== EXERCISE GOAL ==
Could you output each line of the data that follows exactly?

== DATA PROVIDED ==

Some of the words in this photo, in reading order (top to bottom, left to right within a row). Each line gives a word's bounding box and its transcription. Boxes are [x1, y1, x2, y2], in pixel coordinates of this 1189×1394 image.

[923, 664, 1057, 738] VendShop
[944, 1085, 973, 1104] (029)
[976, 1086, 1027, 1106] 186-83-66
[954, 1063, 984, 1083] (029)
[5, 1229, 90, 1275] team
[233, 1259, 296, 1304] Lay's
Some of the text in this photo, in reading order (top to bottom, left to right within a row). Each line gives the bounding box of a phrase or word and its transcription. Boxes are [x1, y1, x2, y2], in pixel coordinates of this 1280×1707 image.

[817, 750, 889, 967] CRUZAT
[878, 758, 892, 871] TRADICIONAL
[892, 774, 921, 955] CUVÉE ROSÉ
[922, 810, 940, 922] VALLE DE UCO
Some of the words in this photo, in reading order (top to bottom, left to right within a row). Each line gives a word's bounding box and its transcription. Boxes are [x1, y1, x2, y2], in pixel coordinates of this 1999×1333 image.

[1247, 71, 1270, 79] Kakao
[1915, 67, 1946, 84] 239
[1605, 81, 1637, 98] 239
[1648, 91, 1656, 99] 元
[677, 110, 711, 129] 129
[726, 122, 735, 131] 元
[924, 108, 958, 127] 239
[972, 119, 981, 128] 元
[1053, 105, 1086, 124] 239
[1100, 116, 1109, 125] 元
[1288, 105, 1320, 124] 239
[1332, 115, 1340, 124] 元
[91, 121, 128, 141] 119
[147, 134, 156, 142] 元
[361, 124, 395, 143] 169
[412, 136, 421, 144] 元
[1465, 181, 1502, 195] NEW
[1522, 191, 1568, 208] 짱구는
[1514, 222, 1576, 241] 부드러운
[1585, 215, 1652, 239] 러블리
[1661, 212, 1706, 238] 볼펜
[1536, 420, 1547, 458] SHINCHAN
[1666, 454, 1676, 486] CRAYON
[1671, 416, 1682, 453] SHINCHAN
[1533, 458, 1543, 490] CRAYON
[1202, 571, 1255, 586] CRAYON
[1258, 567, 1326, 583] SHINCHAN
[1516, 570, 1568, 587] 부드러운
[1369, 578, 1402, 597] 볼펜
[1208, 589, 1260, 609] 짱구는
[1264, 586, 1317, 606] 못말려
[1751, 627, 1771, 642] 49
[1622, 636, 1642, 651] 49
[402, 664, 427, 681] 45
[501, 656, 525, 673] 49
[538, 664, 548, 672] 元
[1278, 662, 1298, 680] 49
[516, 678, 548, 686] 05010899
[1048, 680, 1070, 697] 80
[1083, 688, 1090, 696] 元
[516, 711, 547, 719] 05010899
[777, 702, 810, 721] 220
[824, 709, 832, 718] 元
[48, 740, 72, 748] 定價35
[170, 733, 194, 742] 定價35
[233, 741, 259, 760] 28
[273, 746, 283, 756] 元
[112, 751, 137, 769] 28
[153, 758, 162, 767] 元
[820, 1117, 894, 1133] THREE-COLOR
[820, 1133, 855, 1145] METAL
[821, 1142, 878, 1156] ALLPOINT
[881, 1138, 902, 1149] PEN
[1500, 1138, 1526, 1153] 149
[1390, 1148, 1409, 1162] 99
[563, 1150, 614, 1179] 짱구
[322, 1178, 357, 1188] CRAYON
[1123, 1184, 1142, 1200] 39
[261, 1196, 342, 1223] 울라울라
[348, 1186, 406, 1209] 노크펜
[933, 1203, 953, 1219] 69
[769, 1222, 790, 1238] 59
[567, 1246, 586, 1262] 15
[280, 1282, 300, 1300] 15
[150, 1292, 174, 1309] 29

== WRITTEN RESPONSE ==
Some of the words in this photo, in reading order (top to bottom, left to right within a row). Each line gives a word's bounding box and its transcription. Boxes are [x1, y1, x2, y2], in pixel coordinates of this 1189×1394 image.

[923, 664, 1057, 738] VendShop
[944, 1085, 973, 1104] (029)
[976, 1086, 1027, 1106] 186-83-66
[954, 1063, 984, 1083] (029)
[5, 1229, 90, 1275] team
[233, 1259, 296, 1304] Lay's
Some of the text in this photo, in reading order (top to bottom, left to right within a row). Each line gives the bounding box of a phrase or word and its transcription. Boxes are [x1, y1, x2, y2], in pixel coordinates of this 1280×1707 image.

[817, 750, 889, 967] CRUZAT
[878, 758, 892, 871] TRADICIONAL
[892, 774, 921, 955] CUVÉE ROSÉ
[922, 810, 940, 922] VALLE DE UCO
Some of the words in this photo, in reading order (top to bottom, left to right within a row). Each line gives a word's bounding box and its transcription. Boxes are [x1, y1, x2, y2], in pixel coordinates of this 1999×1333 image.

[1247, 71, 1270, 79] Kakao
[1915, 67, 1946, 84] 239
[1605, 81, 1637, 98] 239
[1648, 91, 1656, 99] 元
[677, 110, 711, 129] 129
[726, 122, 735, 131] 元
[924, 108, 958, 127] 239
[972, 119, 981, 128] 元
[1053, 105, 1086, 124] 239
[1100, 116, 1109, 125] 元
[1288, 105, 1320, 124] 239
[1332, 115, 1340, 124] 元
[91, 121, 128, 141] 119
[147, 134, 156, 142] 元
[361, 124, 395, 143] 169
[412, 136, 421, 144] 元
[1465, 181, 1502, 195] NEW
[1522, 191, 1568, 208] 짱구는
[1514, 222, 1576, 241] 부드러운
[1585, 215, 1652, 239] 러블리
[1661, 212, 1706, 238] 볼펜
[1536, 420, 1547, 458] SHINCHAN
[1666, 454, 1676, 486] CRAYON
[1671, 416, 1682, 453] SHINCHAN
[1533, 458, 1543, 490] CRAYON
[1202, 571, 1255, 586] CRAYON
[1258, 567, 1326, 583] SHINCHAN
[1516, 570, 1568, 587] 부드러운
[1369, 578, 1402, 597] 볼펜
[1208, 589, 1260, 609] 짱구는
[1264, 586, 1317, 606] 못말려
[1751, 627, 1771, 642] 49
[1622, 636, 1642, 651] 49
[402, 664, 427, 681] 45
[501, 656, 525, 673] 49
[538, 664, 548, 672] 元
[1278, 662, 1298, 680] 49
[516, 678, 548, 686] 05010899
[1048, 680, 1070, 697] 80
[1083, 688, 1090, 696] 元
[516, 711, 547, 719] 05010899
[777, 702, 810, 721] 220
[824, 709, 832, 718] 元
[48, 740, 72, 748] 定價35
[170, 733, 194, 742] 定價35
[233, 741, 259, 760] 28
[273, 746, 283, 756] 元
[112, 751, 137, 769] 28
[153, 758, 162, 767] 元
[820, 1117, 894, 1133] THREE-COLOR
[820, 1133, 855, 1145] METAL
[821, 1142, 878, 1156] ALLPOINT
[881, 1138, 902, 1149] PEN
[1500, 1138, 1526, 1153] 149
[1390, 1148, 1409, 1162] 99
[563, 1150, 614, 1179] 짱구
[322, 1178, 357, 1188] CRAYON
[1123, 1184, 1142, 1200] 39
[261, 1196, 342, 1223] 울라울라
[348, 1186, 406, 1209] 노크펜
[933, 1203, 953, 1219] 69
[769, 1222, 790, 1238] 59
[567, 1246, 586, 1262] 15
[280, 1282, 300, 1300] 15
[150, 1292, 174, 1309] 29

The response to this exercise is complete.